We used muscle insulin sensitivity index and insulinogenic index as indirect indices, estimated from OGTT, of insulin sensitivity and insulin secretion to calculate disposition index (here MIS × II). Our results need to be interpreted with caution for a number of reasons. Muscle insulin sensitivity index and insulinogenic index were validated against the euglycaemic clamp and intravenous glucose infusion, respectively, in individuals with normal or impaired glucose tolerance but not diabetes [12, 14]. Therefore, we cannot be sure they are valid in patients with type 2 diabetes. Nevertheless, the relationship between insulinogenic index and muscle insulin sensitivity index values at baseline in our participants, plotted by quartile of MIS × II, were, as expected, hyperbolic curves which became closer to the origin as the disposition index became smaller (ESM Fig. 2). Muscle insulin sensitivity index and insulinogenic index are indirect measures that rely on a number of assumptions, such as the rate and amount of glucose absorbed from the gut, which may not hold in our population. In addition, we did not take as many blood samples at baseline and during the OGTT as did Abdul-Ghani et al. [12], so our estimates may be less accurate or precise.

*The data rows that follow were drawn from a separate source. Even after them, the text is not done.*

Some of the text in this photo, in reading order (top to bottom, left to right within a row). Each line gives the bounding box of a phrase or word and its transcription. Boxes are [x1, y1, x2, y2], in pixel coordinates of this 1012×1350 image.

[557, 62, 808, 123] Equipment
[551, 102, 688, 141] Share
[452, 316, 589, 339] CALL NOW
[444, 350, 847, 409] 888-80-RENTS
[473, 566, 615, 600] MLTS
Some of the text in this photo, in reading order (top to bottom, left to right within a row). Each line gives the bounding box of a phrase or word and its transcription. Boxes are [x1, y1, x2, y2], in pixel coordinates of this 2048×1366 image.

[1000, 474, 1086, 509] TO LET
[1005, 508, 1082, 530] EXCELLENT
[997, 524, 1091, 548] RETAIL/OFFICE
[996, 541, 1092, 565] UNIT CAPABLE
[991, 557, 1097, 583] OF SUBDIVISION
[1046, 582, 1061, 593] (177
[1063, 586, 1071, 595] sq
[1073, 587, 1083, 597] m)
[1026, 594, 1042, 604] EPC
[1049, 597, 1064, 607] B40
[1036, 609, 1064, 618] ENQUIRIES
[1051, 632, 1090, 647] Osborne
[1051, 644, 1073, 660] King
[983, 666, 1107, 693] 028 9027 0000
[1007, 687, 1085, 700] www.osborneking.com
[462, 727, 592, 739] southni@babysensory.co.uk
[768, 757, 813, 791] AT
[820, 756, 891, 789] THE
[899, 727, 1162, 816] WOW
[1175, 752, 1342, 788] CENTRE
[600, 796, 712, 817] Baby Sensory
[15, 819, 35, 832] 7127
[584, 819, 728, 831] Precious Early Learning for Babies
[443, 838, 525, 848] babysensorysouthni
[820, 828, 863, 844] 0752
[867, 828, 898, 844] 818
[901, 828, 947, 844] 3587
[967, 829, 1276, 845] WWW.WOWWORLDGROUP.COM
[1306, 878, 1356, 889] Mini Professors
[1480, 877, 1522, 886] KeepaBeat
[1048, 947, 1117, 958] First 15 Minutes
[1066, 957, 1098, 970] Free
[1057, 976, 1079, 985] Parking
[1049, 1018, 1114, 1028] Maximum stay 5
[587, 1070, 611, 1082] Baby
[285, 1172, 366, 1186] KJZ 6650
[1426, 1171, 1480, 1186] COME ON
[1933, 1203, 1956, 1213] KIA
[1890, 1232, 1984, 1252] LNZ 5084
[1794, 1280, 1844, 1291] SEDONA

Nevertheless, we did detect a significant time × treatment interaction for MIS × II. Also, our results are consistent with those of several previous studies showing that low-glycaemic-index starchy foods improve beta cell function or insulin secretion in persons without diabetes [10, 31].

On Low-GI it took 6 to 12 months for the increase in disposition index to become evident. We speculate this may be due to increased glucagon-like peptide-1 secretion stimulated by the short-chain fatty acids produced by fermentation of the increased load of starch entering the colon after low-glycaemic-index compared with high-glycaemic-index foods [32]. Because of the complexity of the colonic ecosystem, short-chain fatty acid production may take 4 to 6 months to rise to a steady-state level after increased intake of resistant starch or fibre [33, 34] or acarbose therapy [35]. In animals, a high-fibre diet was shown to increase glucagon-like peptide-1 secretion [36], which, in turn, may increase beta cell mass or improve glucose sensing [37].

The reduction in 2hPCG and trend toward increased muscle insulin sensitivity index on Low-CHO at 3 months is consistent with short-term studies suggesting that Low-CHO diets improve insulin sensitivity in type 2 diabetes [7, 8]. Since exchanging saturated fat for MUFA does not improve insulin sensitivity if total fat intake is >37% energy [38], the short-term effect of low-carbohydrate/high-MUFA diets on insulin sensitivity may be due to reduced glucose toxicity resulting from lower postprandial glucose. However, our results suggest that Low-CHO meals did not continue to elicit low glycaemic responses in the long term [1]; the reason for this finding is unknown, but it is consistent with the progressive deterioration of disposition index on the Low-CHO diet between 3 and 12 months (Fig. 1). By contrast, the low glycaemic impact of Low-GI meals was sustained and even after 1 year was exactly predicted by the difference in meal glycaemic load [1].

Common drugs may affect glucose tolerance [3943] or be used for conditions associated with insulin resistance, such as hypertension [44]; thus, the effect of diet on glucose metabolism may be modified by the use of drugs. In our population, use of aspirin, NSAIDs, nutritional supplements and statins was associated with differences in indices of carbohydrate metabolism at baseline. Nevertheless, the relative effects of the diets on disposition index did not appear to be influenced significantly by the use of these drugs. However, the study was not powered to investigate the interaction between diet and drugs, and because of the small number of participants in each diet/drug group, the 95% CIs were large and the power to detect such effects was small.

In conclusion, our results suggest that, in patients with type 2 diabetes on diet alone, use of a Low-GI diet for 1 year increases disposition index, an index of beta cell function, compared with a low-carbohydrate/high-MUFA diet. This hypothesis will require further testing before it can be accepted as proven.